PROMESA AUSTERA. JERUSALÉN, 2008.
En el año 70 d.C., las legiones del general Vespasiano destruyeron el Templo de Salomón, en Jerusalén, y se dice que dejaron en pie uno solo de los muros para que se constituyese, ante los ojos de los judíos, en el amargo recuerdo de su derrota (de ahí su nombre de Muro de las Lamentaciones); sin embargo, los vencidos atribuyeron a una promesa divina el que el muro quedase en pie, hecho que sellaba la alianza de Dios con el pueblo de Israel.

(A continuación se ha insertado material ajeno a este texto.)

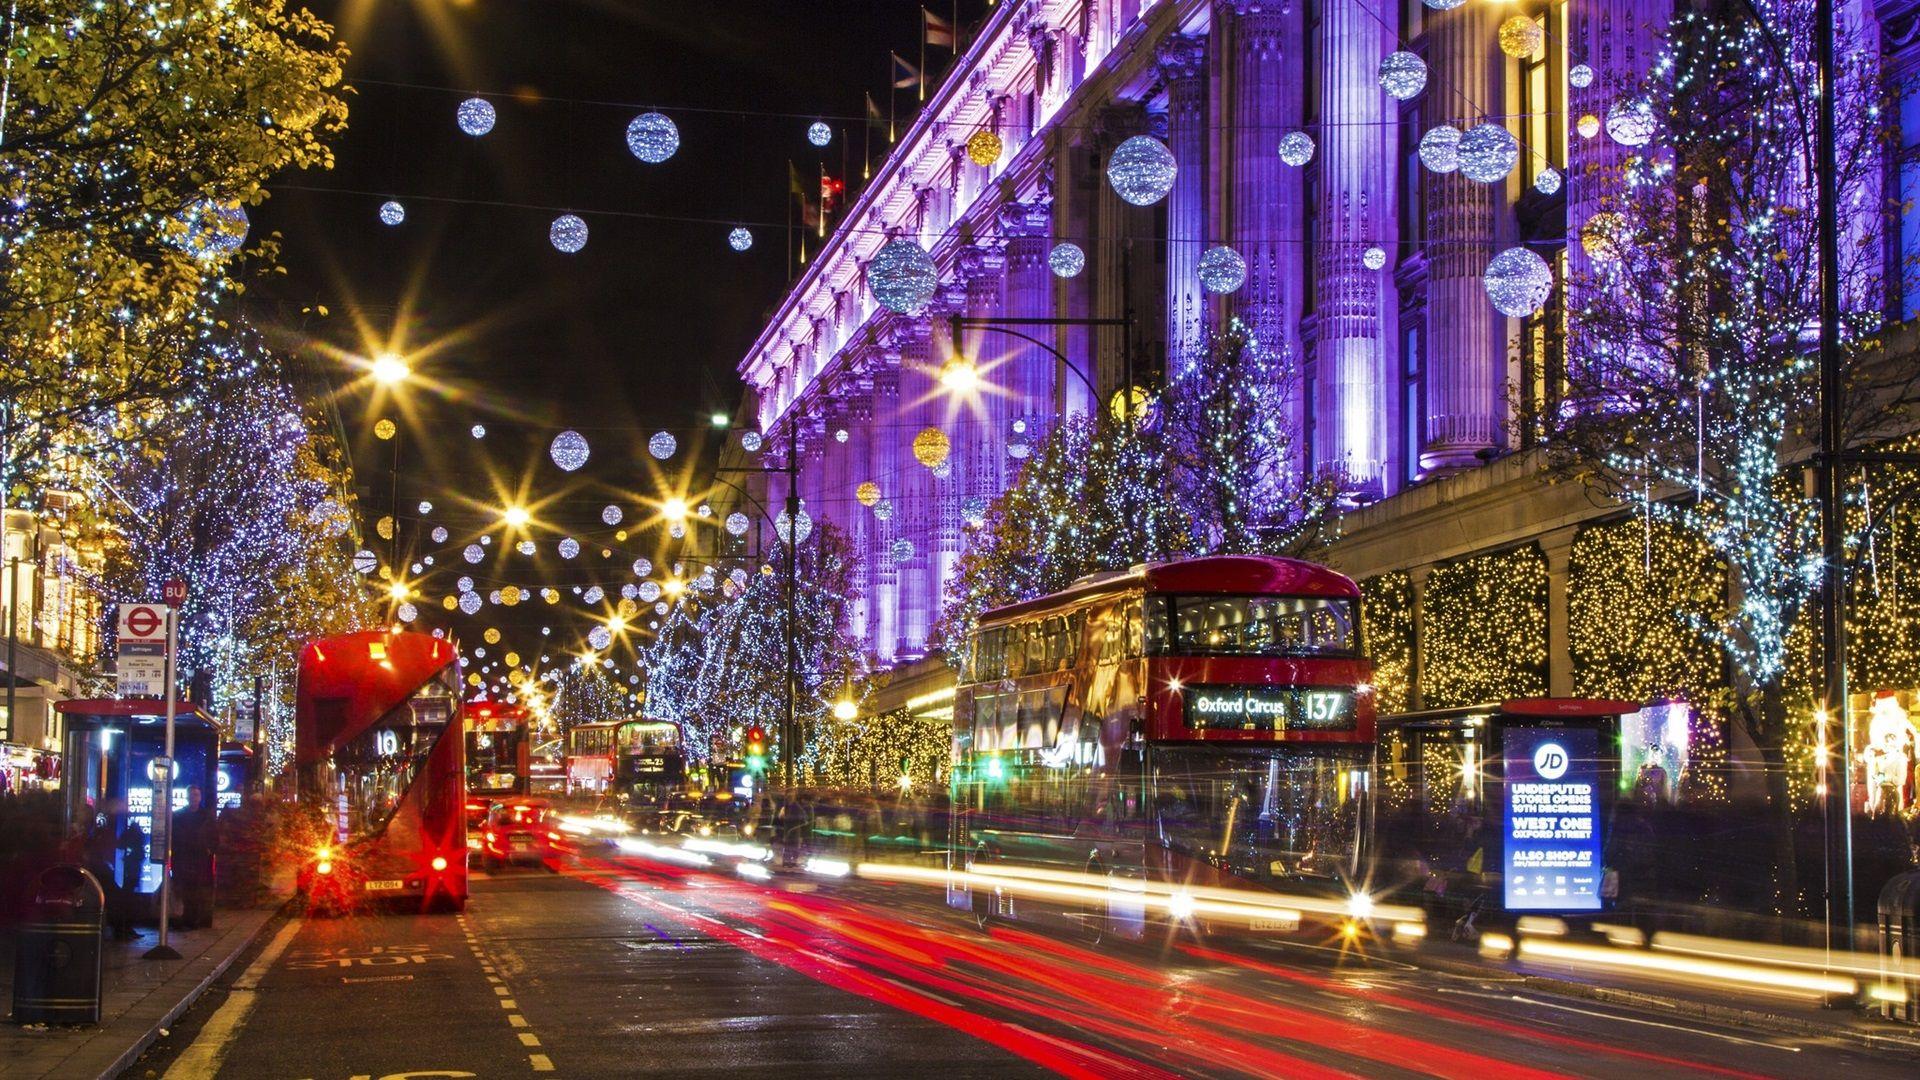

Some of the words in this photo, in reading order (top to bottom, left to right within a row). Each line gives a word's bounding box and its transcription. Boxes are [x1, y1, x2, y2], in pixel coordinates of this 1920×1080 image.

Durante dos mil años, los judíos han orado ante este muro, para ellos el lugar accesible más sagrado de la Tierra, debido a que la Explanada de las Mezquitas, espacio que consideran el más sagrado de todos, y donde se sitúa el sacrificio de Isaac, solo pueden acceder como visitantes y no para rezar. Para aquellos que hemos tenido la posibilidad de acceder a sus cercanías en calidad de forasteros, imbuidos de una curiosidad no exenta de respeto, el lugar es apasionante: el ir y venir de los creyentes judíos, su modo de orar, vehemente, variopinto y anacrónico a un tiempo, el trasiego de fieles y viajeros, y la cruenta historia que testimonia la áspera majestad del muro, conforman una atmósfera que incita a quienes vamos armados de nuestras vetustas (en mi caso) máquinas de criogenizar tiempos y espacios a descomedirnos y tratar de captar todo lo mudable y todo lo inmóvil, a fin de reanimarlo luego avivándolo con las sensaciones inasibles que traspasan el espíritu de cualquiera que se deje permear por el sentido humano de trascendencia, por sus monumentos religiosos y por los hondos armazones metafísicos erigidos como variados senderos espirituales por los que todos, o casi, transitamos en pos de las profundas verdades esenciales que dan sentido a nuestra vida.
Personalmente, disfrutar de la experiencia de contemplar y fotografiar cautelosamente esta grandiosa escena me supuso un inestimable e intemporal galardón que dio como fruto este místico fragmento de nostalgia.